§ **Directions for this task**: Word for word, reproduce each line of the data below, omitting every image.

§ **Input material**:
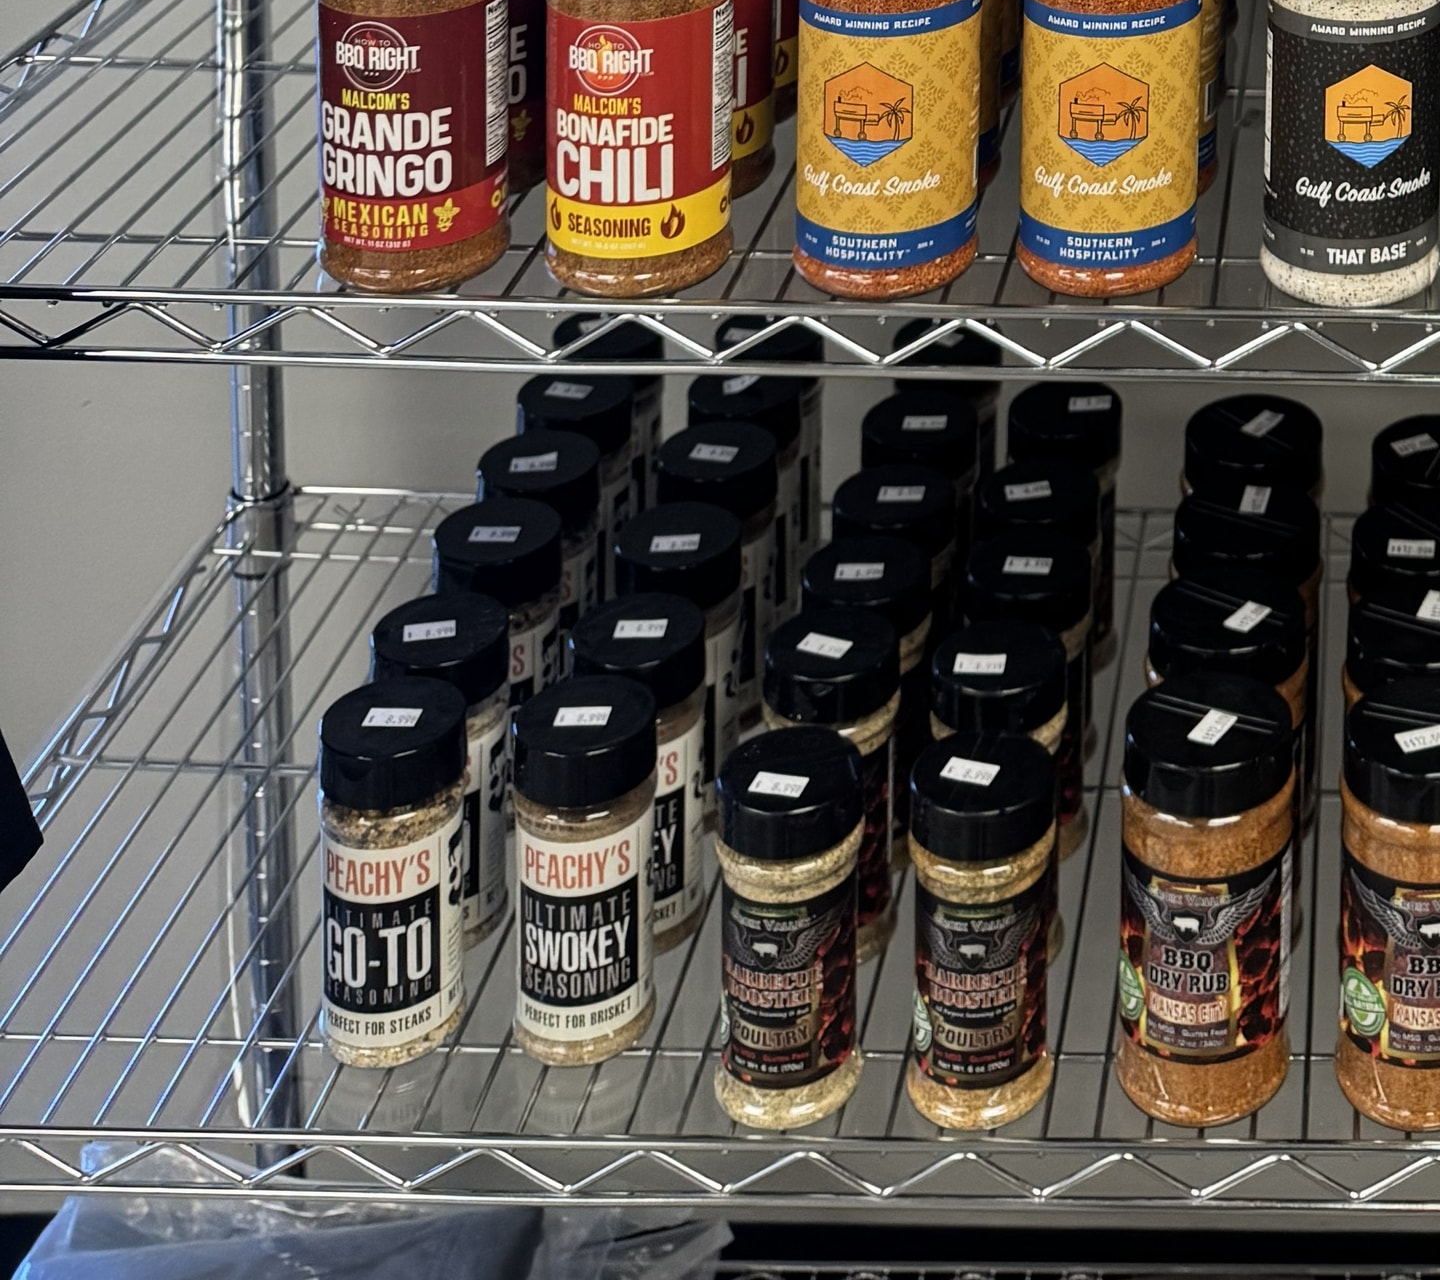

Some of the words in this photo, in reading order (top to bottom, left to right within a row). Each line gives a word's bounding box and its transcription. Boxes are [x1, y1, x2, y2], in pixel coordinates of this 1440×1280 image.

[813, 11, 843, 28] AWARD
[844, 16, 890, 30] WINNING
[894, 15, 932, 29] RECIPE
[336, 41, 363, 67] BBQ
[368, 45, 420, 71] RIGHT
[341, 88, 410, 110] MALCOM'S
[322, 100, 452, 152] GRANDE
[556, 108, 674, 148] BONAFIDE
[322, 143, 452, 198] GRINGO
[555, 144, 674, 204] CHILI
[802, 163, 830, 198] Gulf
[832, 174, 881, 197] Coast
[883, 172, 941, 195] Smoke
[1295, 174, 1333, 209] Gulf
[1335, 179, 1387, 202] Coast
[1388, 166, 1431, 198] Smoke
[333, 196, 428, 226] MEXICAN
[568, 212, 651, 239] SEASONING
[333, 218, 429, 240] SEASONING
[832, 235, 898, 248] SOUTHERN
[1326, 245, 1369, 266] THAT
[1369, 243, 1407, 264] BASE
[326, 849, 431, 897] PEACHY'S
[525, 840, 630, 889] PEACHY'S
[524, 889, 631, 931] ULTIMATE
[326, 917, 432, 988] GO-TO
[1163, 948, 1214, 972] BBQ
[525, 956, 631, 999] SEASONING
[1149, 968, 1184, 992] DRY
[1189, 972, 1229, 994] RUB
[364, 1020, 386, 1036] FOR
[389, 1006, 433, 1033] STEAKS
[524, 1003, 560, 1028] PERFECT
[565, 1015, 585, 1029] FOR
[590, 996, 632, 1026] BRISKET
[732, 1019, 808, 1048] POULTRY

§ **Written reply**:
Some of the words in this photo, in reading order (top to bottom, left to right within a row). Each line gives a word's bounding box and its transcription. Boxes are [x1, y1, x2, y2], in pixel coordinates of this 1440×1280 image.

[813, 11, 843, 28] AWARD
[844, 16, 890, 30] WINNING
[894, 15, 932, 29] RECIPE
[336, 41, 363, 67] BBQ
[368, 45, 420, 71] RIGHT
[341, 88, 410, 110] MALCOM'S
[322, 100, 452, 152] GRANDE
[556, 108, 674, 148] BONAFIDE
[322, 143, 452, 198] GRINGO
[555, 144, 674, 204] CHILI
[802, 163, 830, 198] Gulf
[832, 174, 881, 197] Coast
[883, 172, 941, 195] Smoke
[1295, 174, 1333, 209] Gulf
[1335, 179, 1387, 202] Coast
[1388, 166, 1431, 198] Smoke
[333, 196, 428, 226] MEXICAN
[568, 212, 651, 239] SEASONING
[333, 218, 429, 240] SEASONING
[832, 235, 898, 248] SOUTHERN
[1326, 245, 1369, 266] THAT
[1369, 243, 1407, 264] BASE
[326, 849, 431, 897] PEACHY'S
[525, 840, 630, 889] PEACHY'S
[524, 889, 631, 931] ULTIMATE
[326, 917, 432, 988] GO-TO
[1163, 948, 1214, 972] BBQ
[525, 956, 631, 999] SEASONING
[1149, 968, 1184, 992] DRY
[1189, 972, 1229, 994] RUB
[364, 1020, 386, 1036] FOR
[389, 1006, 433, 1033] STEAKS
[524, 1003, 560, 1028] PERFECT
[565, 1015, 585, 1029] FOR
[590, 996, 632, 1026] BRISKET
[732, 1019, 808, 1048] POULTRY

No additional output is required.